11.83 avg & 10.11 single by Haixu Zhang (former revenge cube WR holder)



ps: unfortunately Haiyan Zhuang did 3 DNFs in BLD this time, and someone(couldn't remember whom the guy was) did a 7.0x solve in Clock with one incautious extra move


----------



## Yichen (Dec 21, 2009)

onionhoney said:


> r_517 said:
> 
> 
> > onionhoney said:
> ...


haha, so you are not so famous as you thought


----------



## Yichen (Dec 21, 2009)

oyyq99999 said:


> I'm very lucky, found the solution in just 6 mins. Another guy found the same solution in the last minute but failed to write it down
> Scramble:
> D F2 D2 F2 D R2 B2 L2 R2 U F L2 R F D2 F D' U2 B R2
> My solution:
> ...



This is amazing!
You should know that very few people could get a personal best during the competition!
Btw, I am "Light", i got a 25-move-solution for the 5th FMC on MF8....however, just like what 2rabbits has said:"there's something wrong with mf8... "


----------



## Swordsman Kirby (Dec 21, 2009)

There's always something wrong with mf8; I find it incredibly difficult to navigate for various reasons.


----------



## MistArts (Dec 21, 2009)

Good Job! Here's my attempt:

Solution: R' D' F D' B' D' F2 D B D' R' F2 U2 R' F2 R F' R' F U F U' L' F2 L F L' F L F2 D (31)

Premove: D

Scramble: D F2 D2 F2 D R2 B2 L2 R2 U F L2 R F D2 F D' U2 B R2

Pseudo 2x2x2: R' D' F D2 (4)
Pseudo 2x2x3: * F2 R' F2 U2 (8)
Pseudo Triple-X Cross: R' F2 R F' R' (13)
Pseudo F2L: F U F U' (17)
Leave 3 Corners: L' F2 L F L' F L F2 (25)
Undo Premove: D (26)
Insert at *: D B' D' F2 D B D' F2 (34-3) (31)


----------



## r_517 (Dec 21, 2009)

Swordsman Kirby said:


> There's always something wrong with mf8; I find it incredibly difficult to navigate for various reasons.

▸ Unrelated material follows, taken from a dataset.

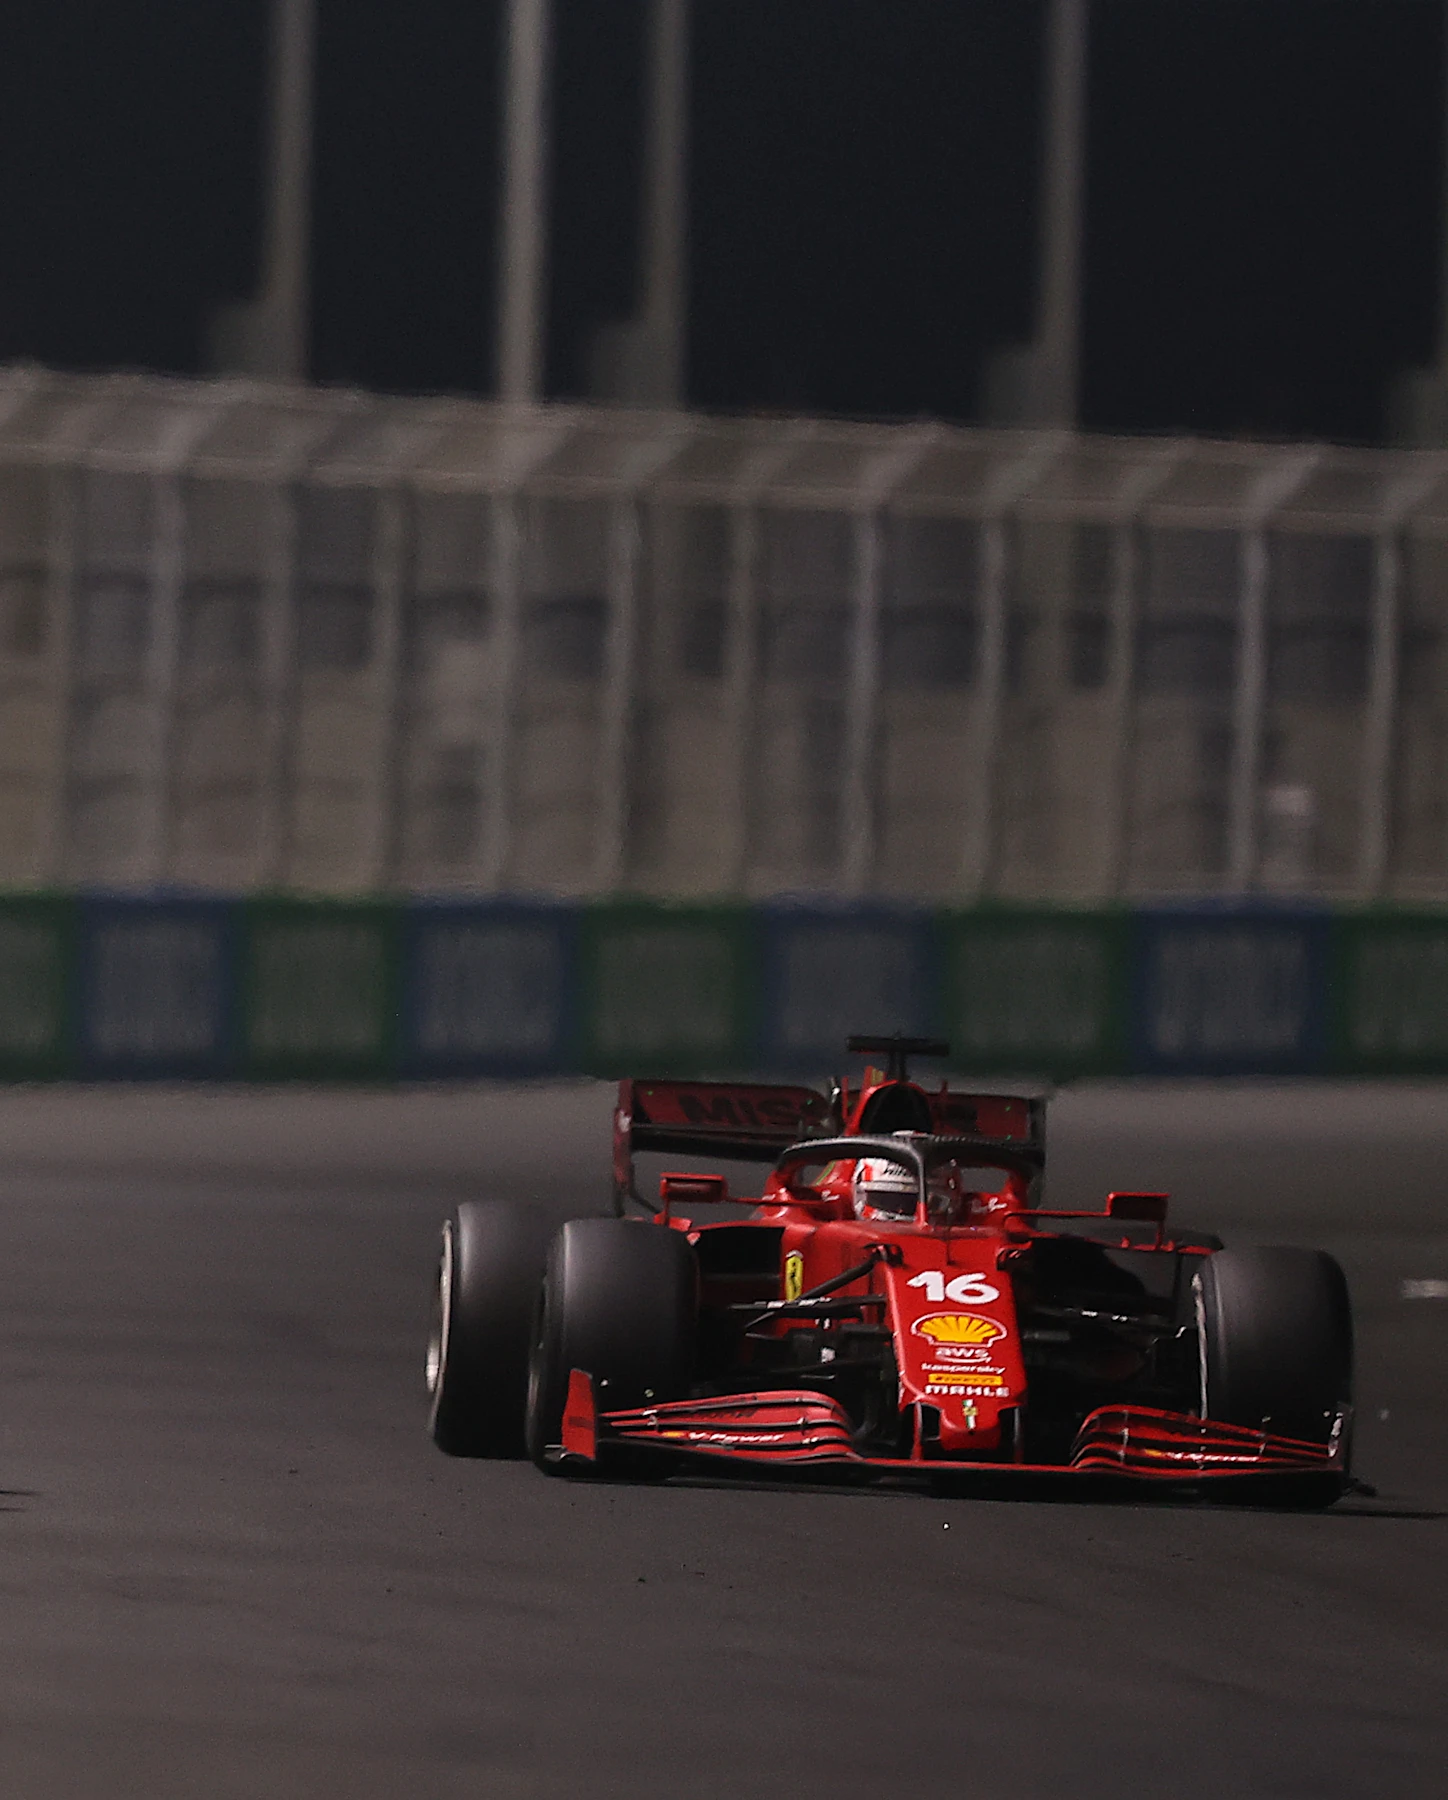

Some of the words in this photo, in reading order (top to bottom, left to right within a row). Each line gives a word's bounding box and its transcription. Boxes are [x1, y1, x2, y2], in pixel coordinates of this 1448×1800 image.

[906, 1270, 1000, 1304] 16
[935, 1346, 990, 1358] aws
[925, 1384, 1010, 1398] MAHLE

hey Tim i still dont know your ID on mf8:confused:
forums in China are under examination by government these days and thousands of them were forced to close for a while or permanently because government said that there were unauthorised BitTorrent files such as films or songs etc


----------



## Swordsman Kirby (Dec 21, 2009)

r_517 said:


> hey Tim i still dont know your ID on mf8



I'm "TimS" on mf8, but I rarely post (haven't in almost a year now).


----------



## Neo63 (Dec 21, 2009)

Nice Job OuYang! Do you practice FMC? Btw any idea when mf8 will be back? It's driving me crazy


----------



## r_517 (Dec 22, 2009)

Neo63 said:


> Btw any idea when mf8 will be back? It's driving me crazy



i just saw more than 10 big forums moving their server to US or Europe..


----------



## oyyq99999 (Dec 22, 2009)

Neo63 said:


> Nice Job OuYang! Do you practice FMC? Btw any idea when mf8 will be back? It's driving me crazy



I don't practise specially. I just take part in the online race on mf8. And sometimes I practise with BaiQiang and BaoQiang. I won't do any myself. 
Mf8 drives me crazy too


----------



## oyyq99999 (Dec 22, 2009)

MistArts said:


> Good Job! Here's my attempt:
> 
> Solution: R' D' F D' B' D' F2 D B D' R' F2 U2 R' F2 R F' R' F U F U' L' F2 L F L' F L F2 D (31)
> 
> ...



Wow! Very impressive solution! (And your 4x4 FM solution as well)


----------



## r_517 (Dec 22, 2009)

oyyq99999 said:


> And sometimes I practise with BaiQiang and BaoQiang. I won't do any myself.



BaoQiang is getting more and more "Qiang" wahaha


----------



## Yichen (Dec 22, 2009)

r_517 said:


> oyyq99999 said:
> 
> 
> > And sometimes I practise with BaiQiang and BaoQiang. I won't do any myself.
> ...


who is Baoqiang?


----------



## r_517 (Dec 22, 2009)

Yichen said:


> r_517 said:
> 
> 
> > oyyq99999 said:
> ...



Yan Xuan. He got first prize for National Math Competition last year and was recommended for admission to Peking Univ. so we gave him the nickname BaoQiang(暴强) which means "Extremely Strong"


----------



## xuanyan (Dec 22, 2009)

Who is calling me?


----------



## r_517 (Dec 22, 2009)

xuanyan said:


> Who is calling me?



WOW your first post here


----------



## Hong_Zhang (Dec 22, 2009)

Good job Ouyang!




xuanyan said:


> Who is calling me?



Hello BaoQiang


----------



## Dene (Dec 22, 2009)

Nice one Caspal!


----------